» **TASK GOAL**:
Please repeat every record below exactly as written, but leave out the pictures.

---------- RECORDS SUPPLIED ----------

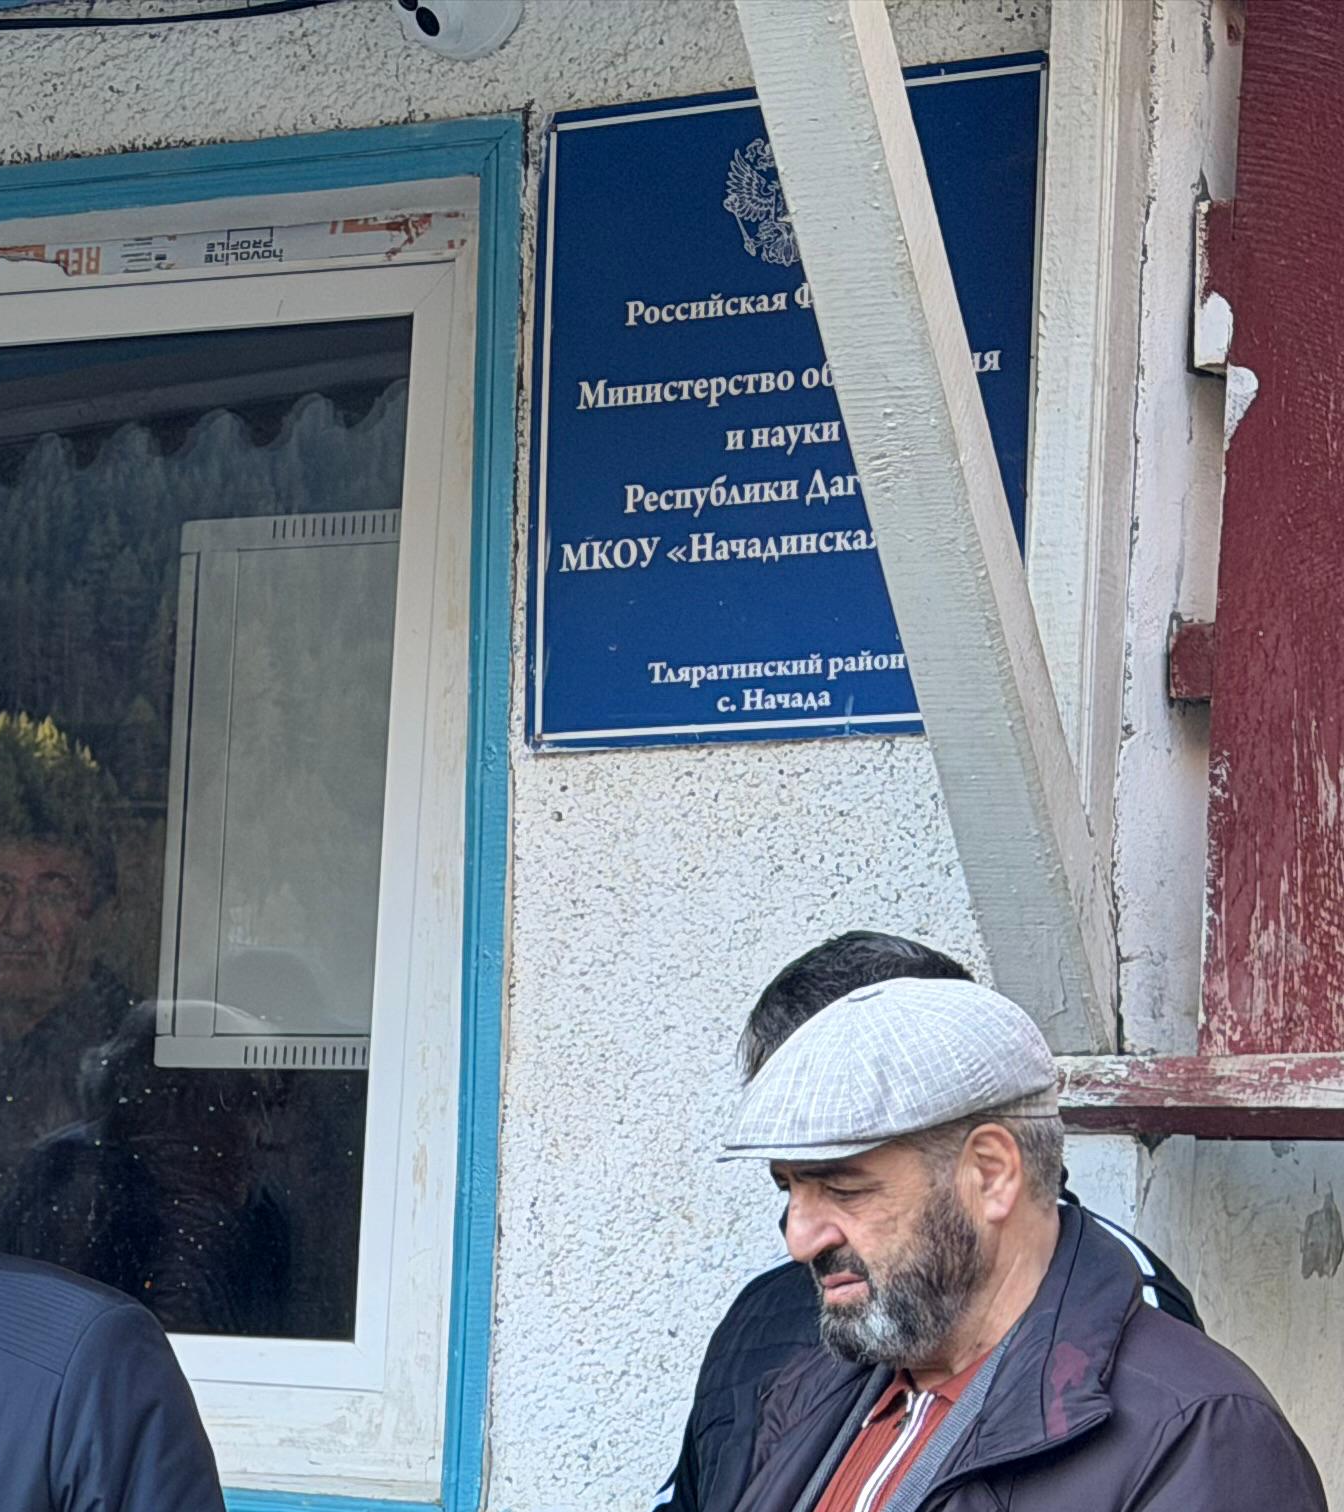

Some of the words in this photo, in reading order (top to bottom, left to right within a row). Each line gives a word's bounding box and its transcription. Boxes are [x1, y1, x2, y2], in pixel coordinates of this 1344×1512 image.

[625, 291, 787, 327] Российская
[575, 366, 795, 411] Министерство
[725, 430, 745, 451] и
[750, 420, 841, 455] науки
[623, 474, 800, 518] Республики
[558, 535, 662, 573] МКОУ
[647, 653, 823, 689] Тляратинский
[716, 695, 738, 713] с.
[741, 688, 832, 713] Начада
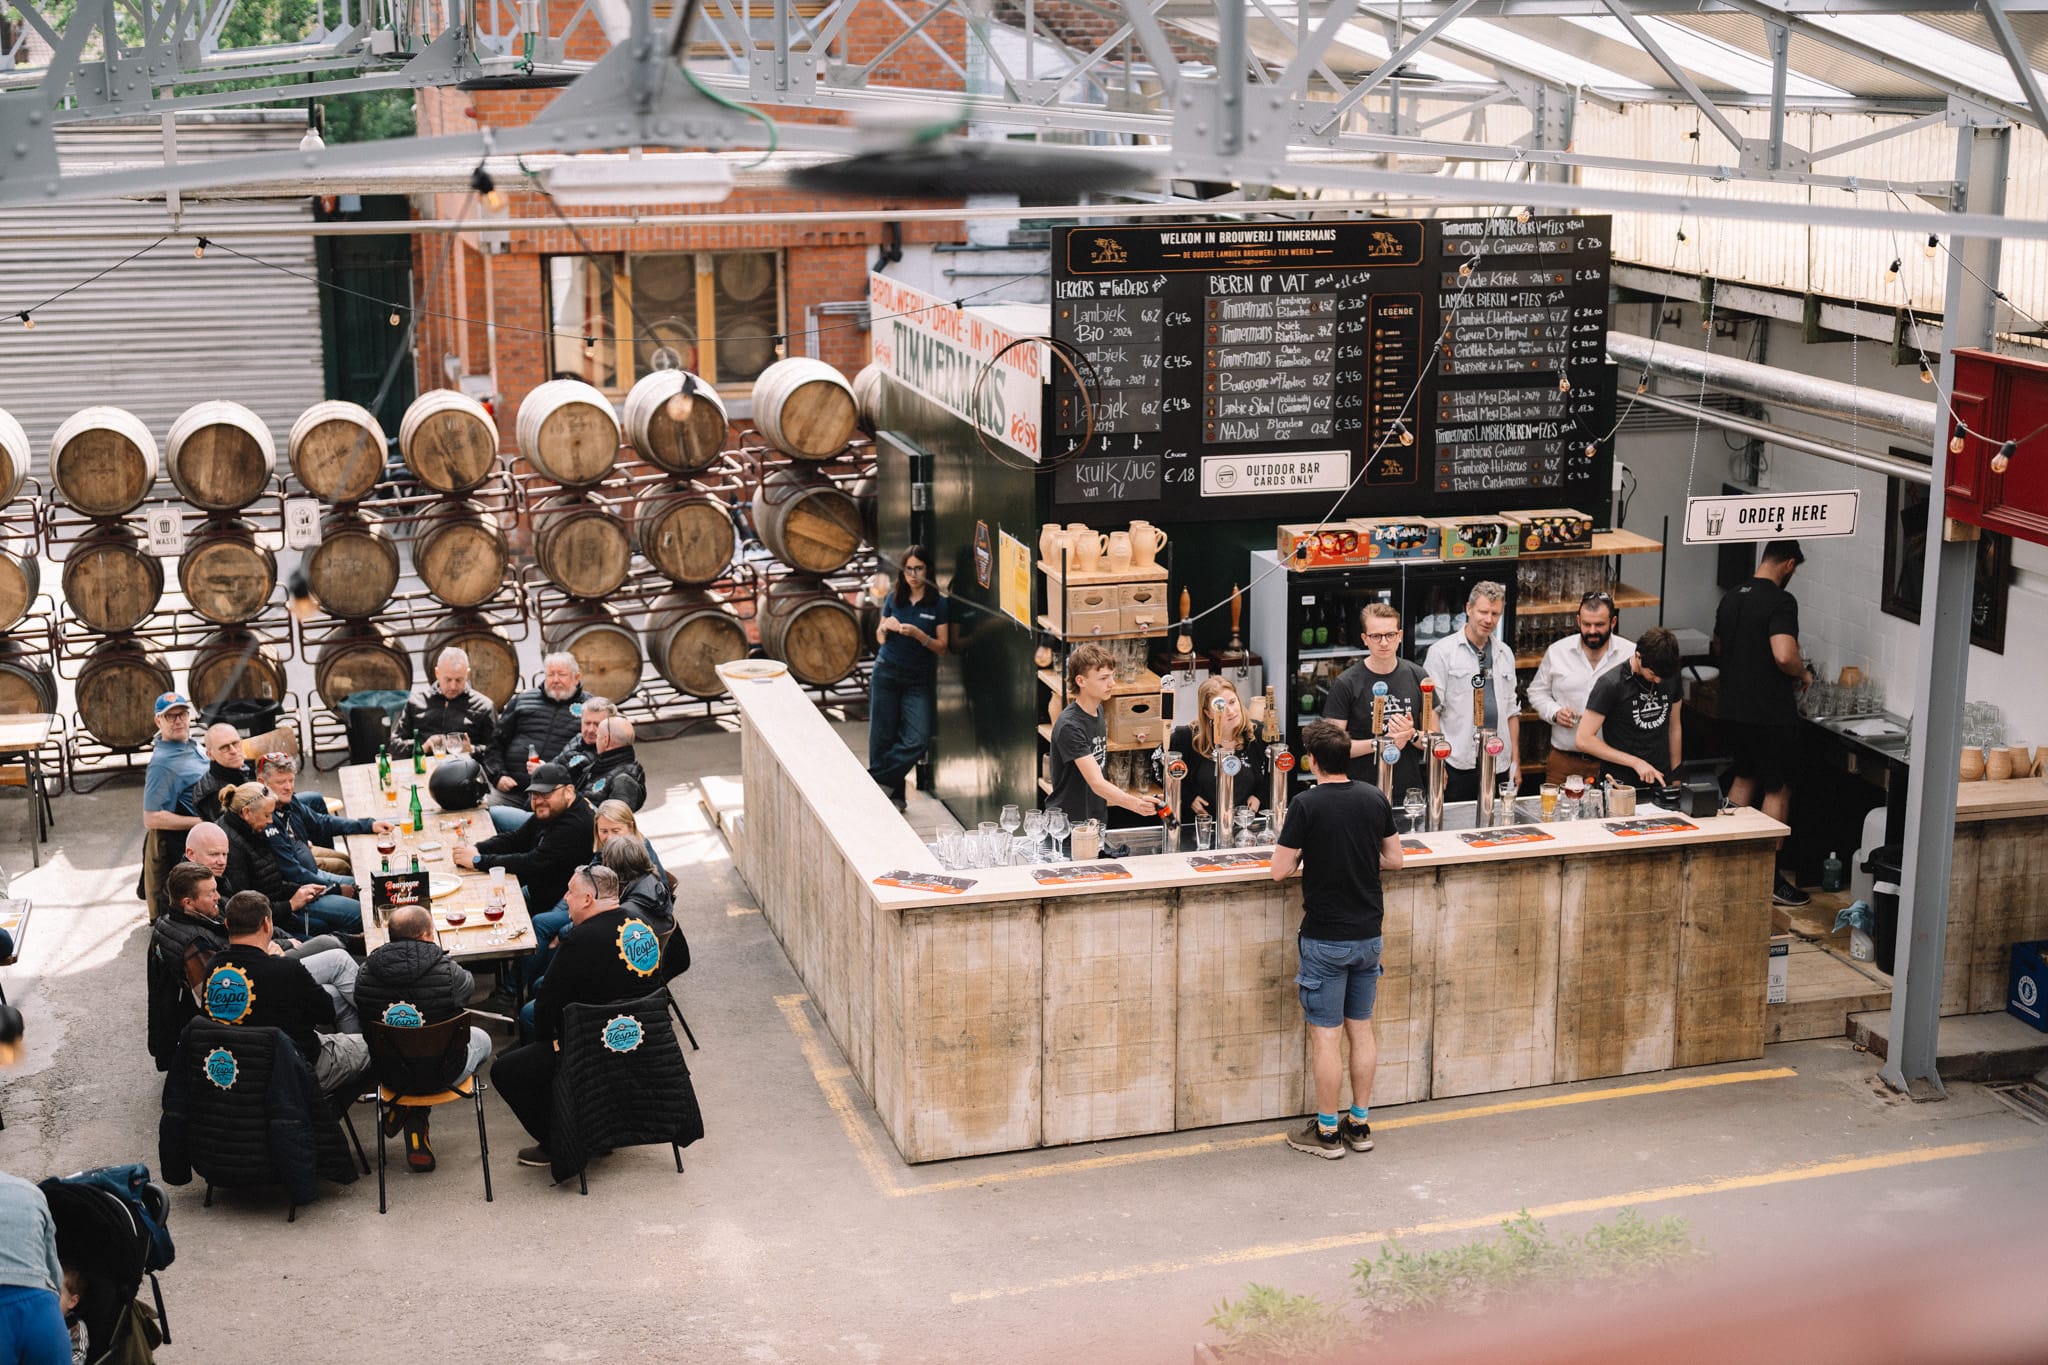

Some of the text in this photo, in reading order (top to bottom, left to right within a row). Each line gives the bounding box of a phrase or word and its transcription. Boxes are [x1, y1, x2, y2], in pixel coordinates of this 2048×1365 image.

[1161, 230, 1336, 244] WELKOM IN BROUWERIJ TIMMERMANS
[1494, 239, 1534, 253] Gueuze
[1261, 276, 1273, 293] OP
[1280, 274, 1309, 292] VAT
[1490, 272, 1519, 286] Kriek
[1056, 280, 1094, 299] LEKKERS
[1221, 298, 1273, 319] Timmermans
[1519, 293, 1542, 307] FLES
[1073, 303, 1127, 325] Lambiek
[1378, 307, 1414, 316] LEGENDE
[1220, 320, 1300, 344] Timmermans Kriek
[1218, 345, 1302, 368] Timmermans Oude
[893, 320, 1006, 436] TIMMERMANS
[1220, 372, 1269, 393] Bourgogne
[1219, 396, 1247, 418] Lambic
[1539, 422, 1557, 439] FLES
[1247, 462, 1320, 476] OUTDOOR BAR
[1254, 475, 1314, 487] CARDS ONLY
[1083, 487, 1099, 497] van
[1739, 505, 1828, 524] ORDER HERE
[1472, 549, 1491, 557] MAX
[625, 936, 656, 961] Vespa
[208, 988, 246, 1008] Vespa
[388, 1016, 419, 1026] Vespa
[607, 1029, 639, 1043] Vespa
[208, 1064, 234, 1075] Vespa
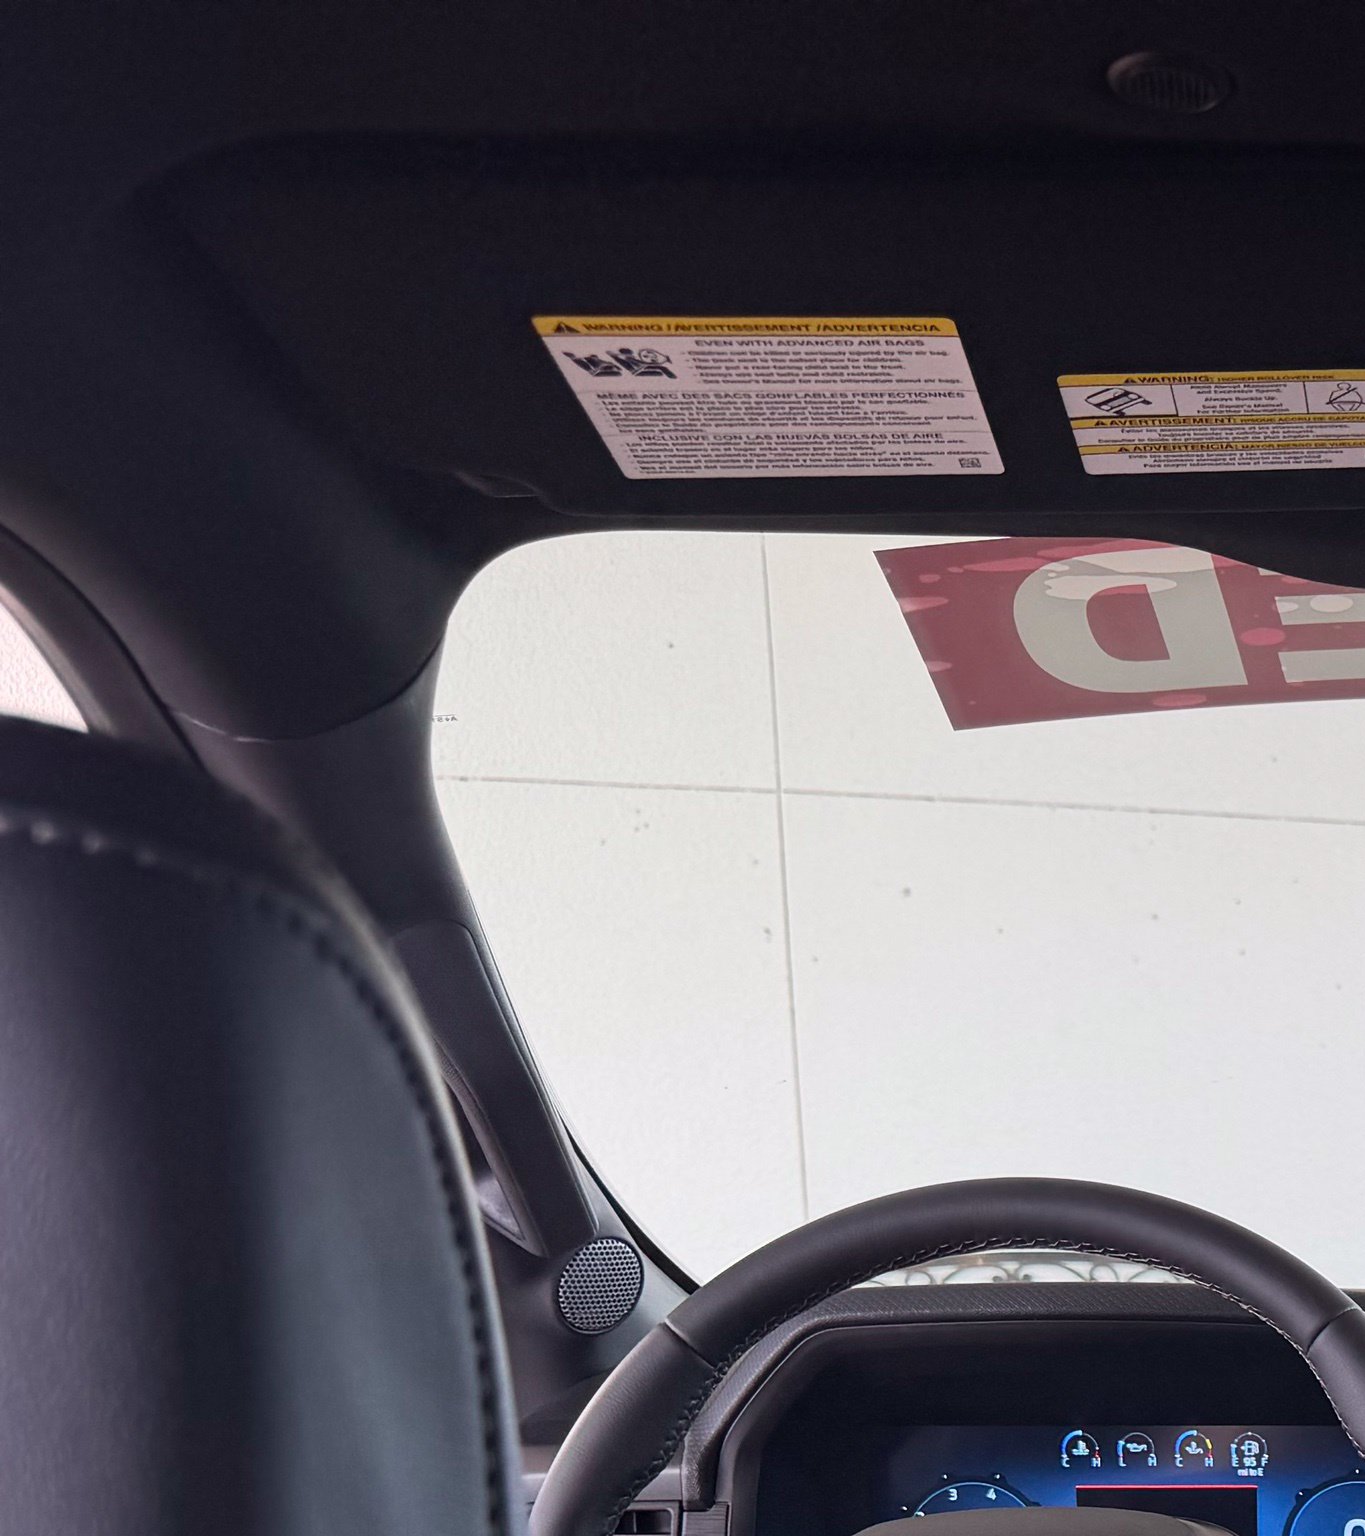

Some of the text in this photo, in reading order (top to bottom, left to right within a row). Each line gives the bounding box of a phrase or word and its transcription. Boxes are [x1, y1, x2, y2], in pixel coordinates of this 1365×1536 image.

----------

» **RESPONSE TO THE EXERCISE**:
Some of the words in this photo, in reading order (top to bottom, left to right within a row). Each line gives a word's bounding box and its transcription. Boxes are [x1, y1, x2, y2], in pixel coordinates of this 1344×1512 image.

[625, 291, 787, 327] Российская
[575, 366, 795, 411] Министерство
[725, 430, 745, 451] и
[750, 420, 841, 455] науки
[623, 474, 800, 518] Республики
[558, 535, 662, 573] МКОУ
[647, 653, 823, 689] Тляратинский
[716, 695, 738, 713] с.
[741, 688, 832, 713] Начада

Some of the text in this photo, in reading order (top to bottom, left to right within a row). Each line gives the bounding box of a phrase or word and its transcription. Boxes are [x1, y1, x2, y2], in pixel coordinates of this 2048×1365 image.

[1161, 230, 1336, 244] WELKOM IN BROUWERIJ TIMMERMANS
[1494, 239, 1534, 253] Gueuze
[1261, 276, 1273, 293] OP
[1280, 274, 1309, 292] VAT
[1490, 272, 1519, 286] Kriek
[1056, 280, 1094, 299] LEKKERS
[1221, 298, 1273, 319] Timmermans
[1519, 293, 1542, 307] FLES
[1073, 303, 1127, 325] Lambiek
[1378, 307, 1414, 316] LEGENDE
[1220, 320, 1300, 344] Timmermans Kriek
[1218, 345, 1302, 368] Timmermans Oude
[893, 320, 1006, 436] TIMMERMANS
[1220, 372, 1269, 393] Bourgogne
[1219, 396, 1247, 418] Lambic
[1539, 422, 1557, 439] FLES
[1247, 462, 1320, 476] OUTDOOR BAR
[1254, 475, 1314, 487] CARDS ONLY
[1083, 487, 1099, 497] van
[1739, 505, 1828, 524] ORDER HERE
[1472, 549, 1491, 557] MAX
[625, 936, 656, 961] Vespa
[208, 988, 246, 1008] Vespa
[388, 1016, 419, 1026] Vespa
[607, 1029, 639, 1043] Vespa
[208, 1064, 234, 1075] Vespa

Some of the text in this photo, in reading order (top to bottom, left to right within a row). Each line gives the bounding box of a phrase or word and its transcription. Boxes are [x1, y1, x2, y2], in pixel coordinates of this 1365×1536 image.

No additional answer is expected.